Of course, we can tell ourselves it’s fake. And we do, sometimes. We remind ourselves, in our saner moments, that these photos are posed. They are staged, perfectly lit and airbrushed, sometimes by actual professional photographers. The clothes are on loan, the furniture is from a showroom, it’s all an act. “This is not real life,” we repeat to ourselves over and over. But still. That green-eyed Internet monster…she’s more powerful than you’d think.

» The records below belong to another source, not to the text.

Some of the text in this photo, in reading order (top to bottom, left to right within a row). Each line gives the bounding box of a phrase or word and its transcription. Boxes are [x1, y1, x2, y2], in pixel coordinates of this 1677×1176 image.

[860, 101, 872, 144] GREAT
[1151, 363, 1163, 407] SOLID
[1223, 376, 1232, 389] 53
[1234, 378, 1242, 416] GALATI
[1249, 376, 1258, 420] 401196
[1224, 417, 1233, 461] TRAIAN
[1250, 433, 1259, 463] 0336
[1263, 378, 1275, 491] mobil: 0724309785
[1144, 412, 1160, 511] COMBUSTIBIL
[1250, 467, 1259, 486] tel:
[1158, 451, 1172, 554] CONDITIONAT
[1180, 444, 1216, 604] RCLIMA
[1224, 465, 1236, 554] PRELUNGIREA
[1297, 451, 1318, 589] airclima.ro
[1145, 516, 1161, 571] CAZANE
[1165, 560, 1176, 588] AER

I think it’s possibly worse when you’re in the line of work I’m in. Being a person who’s been in the blogging world for approximately 87 years, the problem is that I know. I know that these girls posting about their fabulous new dress from Brand X aren’t doing it out of the goodness of their heart. I know that when a blogger I read starts writing a little too gushingly about her newly renovated sunroom or her “preview” of the Nordstrom flagship store in Seattle, she got it for free. And my jealousy…lord, but it runs deep. Sure, I want the room or the trip, just like you do. But I also want the gig she got, wherein a sponsor not only designed the room for her or flew her out first class, but paid her quite a lot of money to talk about it. I want to know how she got there and I didn’t. Why she has 120,000 Instagram followers and I don’t. Instead of taking the high road and being happy for her, I’m bitter and jealous. I start to feel horrible about myself and what I’ve accomplished – or, more specifically, what I haven’t accomplished. Shame spiral for one, please.

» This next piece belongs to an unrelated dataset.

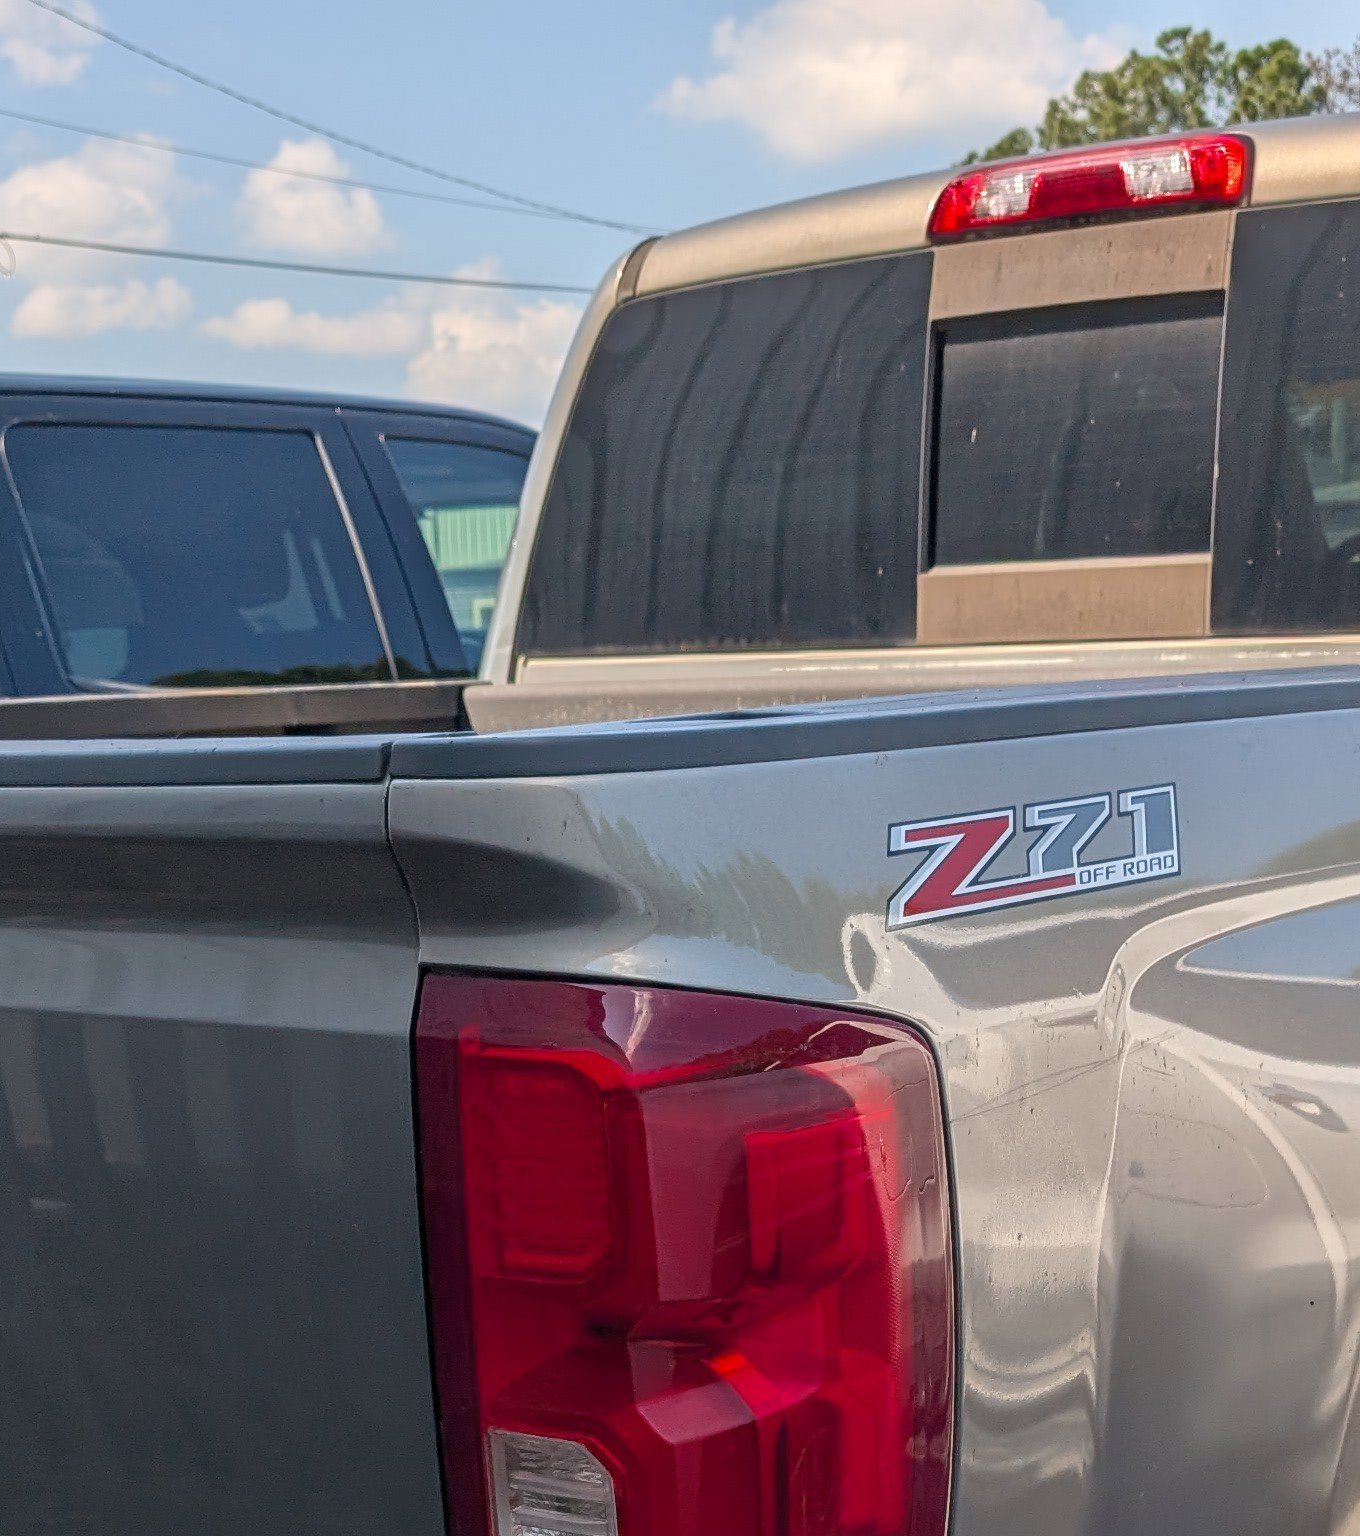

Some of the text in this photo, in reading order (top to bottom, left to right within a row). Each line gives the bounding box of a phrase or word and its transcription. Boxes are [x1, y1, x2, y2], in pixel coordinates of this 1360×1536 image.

[885, 782, 1181, 932] Z71
[1079, 854, 1175, 885] OFF ROAD

But. Much like the rest of the world, there’s no fairness in blogging. Longevity doesn’t equal success…nor, frankly, does quality. (There are bloggers making serious, serious money who can’t even be bothered to use spellcheck.) And so we all, bloggers or lawyers or baristas, have to find a way to check our Instagram feeds or “like” our friend’s photos of her $100,000 destination wedding without feeling bad about ourselves.

We have to find a way to remind ourselves that a perfectly-staged photo of a bowl of cherries doesn’t mean a person’s life is any better than ours. It just means that they’ve spent the last 3 hours piling those cherries just so, and another hour testing different filters and strengths and saturation levels. (Or that they’ve somehow mastered VSCOcam, even though you find it utterly incomprehensible.)

My photo of that bowl of cherries, on the other hand? It was probably just okay. I almost certainly got the filter wrong or there was a smudge on the bowl or my background wasn’t perfectly, pristinely white.

Why? Because I was busy eating the cherries. And you know something? They were delicious.

If there’s a lesson somewhere in this random ramble I’ve just dropped on you (and believe me, it’s one I have to repeat to myself at least once a day), it’s this:

Eat the cherries.

Just live your life, my friend. Your hilarious, messy, imperfect, dishes in the sink, dirty laundry, occasionally beautiful life. And sure, go ahead and take a picture. Or don’t. Maybe it’ll turn out perfectly – after all, occasional moments of beauty are everywhere, even in the midst of disaster. But friends, the photo isn’t the experience. The cherries are the experience.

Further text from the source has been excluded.